Published online Aug 21, 2012. doi: 10.3748/wjg.v18.i31.4095
Revised: March 26, 2012
Accepted: April 9, 2012
Published online: August 21, 2012
Celiac disease (CD) is an autoimmune inflammatory disease of the small intestine as a result of reaction to wheat protein, gluten. Exclusion of dietary gluten is the mainstay of the treatment that necessitates a precise diagnosis of the disease. Serological screening may aid in identifying patients with suspected CD, which should be confirmed by intestinal biopsy. It has been shown that duodenal biopsies are good for detection of the disease in most patients. However, there is a group of patients with positive serology and inconclusive pathology.
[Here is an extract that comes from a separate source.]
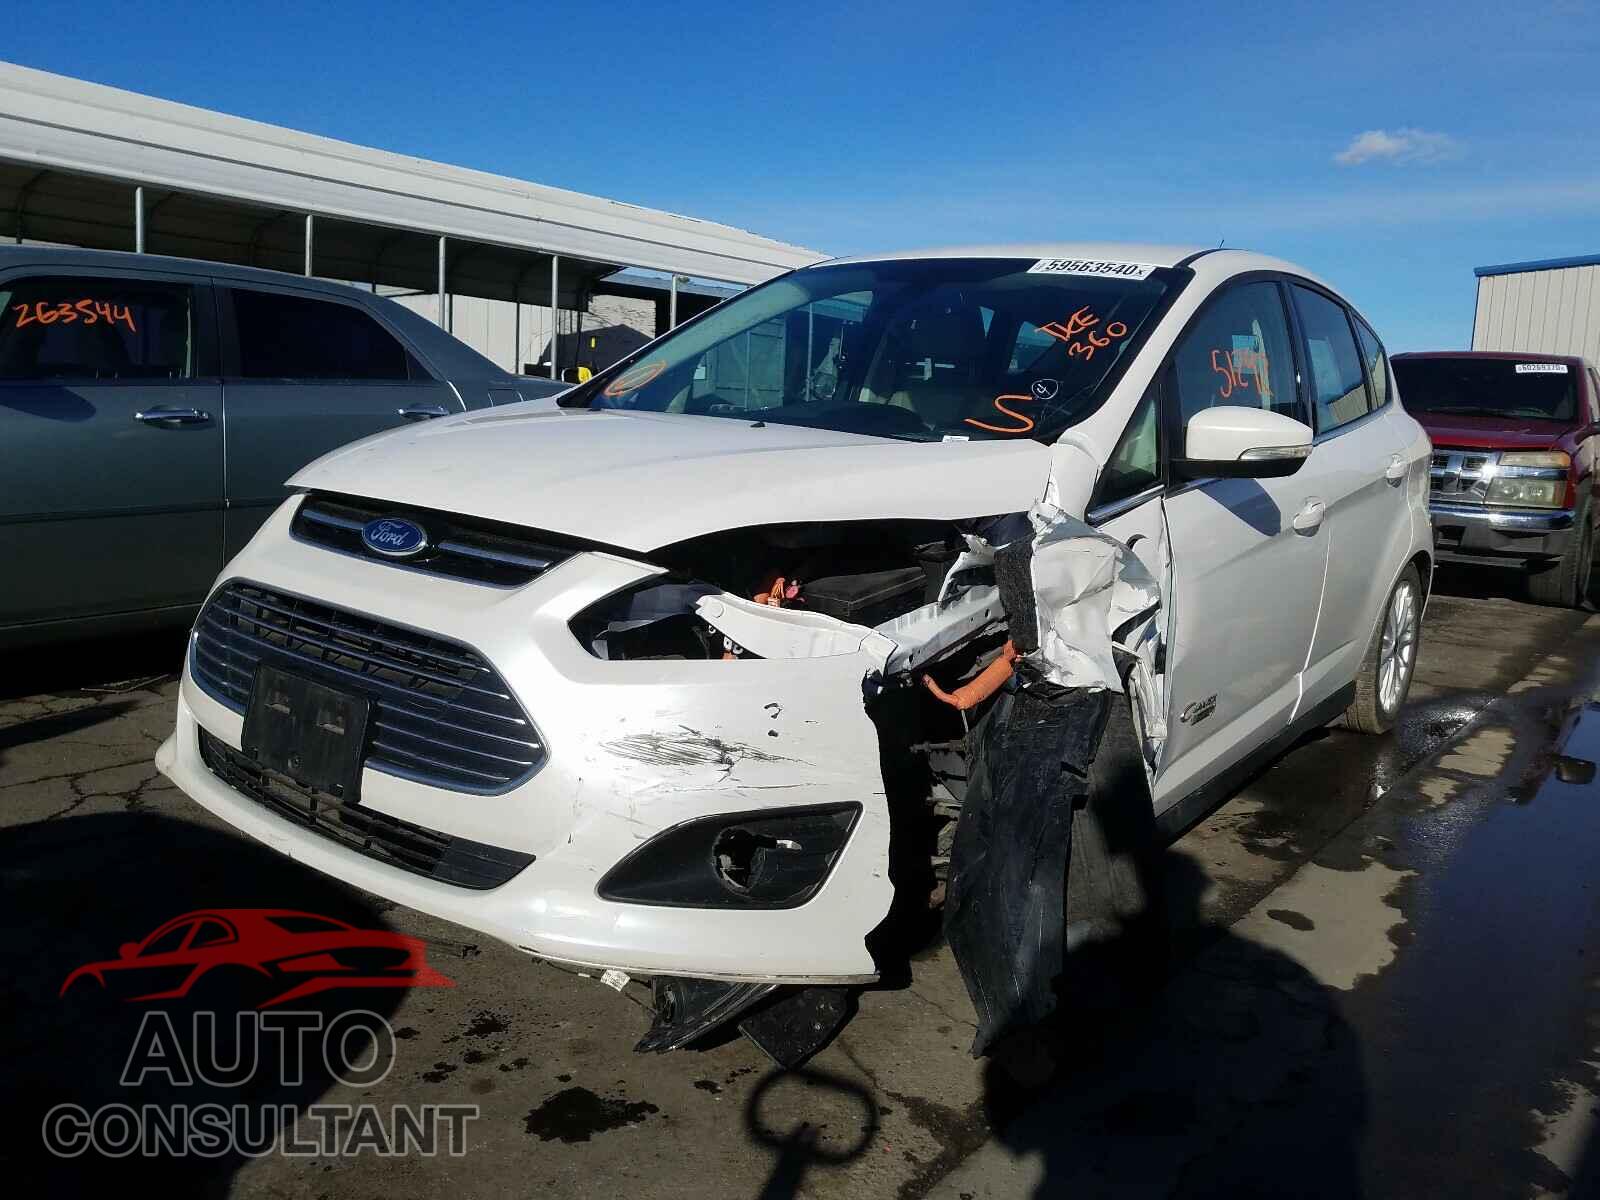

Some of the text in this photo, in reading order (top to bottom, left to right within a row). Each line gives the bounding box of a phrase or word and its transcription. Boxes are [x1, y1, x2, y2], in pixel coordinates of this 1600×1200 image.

[13, 299, 137, 332] 263544
[1069, 321, 1127, 360] 360
[370, 520, 411, 546] Ford
As a result of the widespread use of serology, many patients with equivocal findings grow quickly. Unfortunately current endoscopic methods can only diagnose villous atrophy, which can be present in the later grades of disease (i.e., Marsh III). To diagnose CD correctly, going deeper in the intestine may be necessary. Enteroscopy can reveal changes in CD in the intestinal mucosa in 10%-17% of cases that have negative histology at initial workup. Invasiveness of the method limits its use. Capsule endoscopy may be a good substitute for enteroscopy. However, both techniques should be reserved for patients with suspected diagnosis of complications. This paper reviews the current literature in terms of the value of enteroscopy for diagnosis of CD.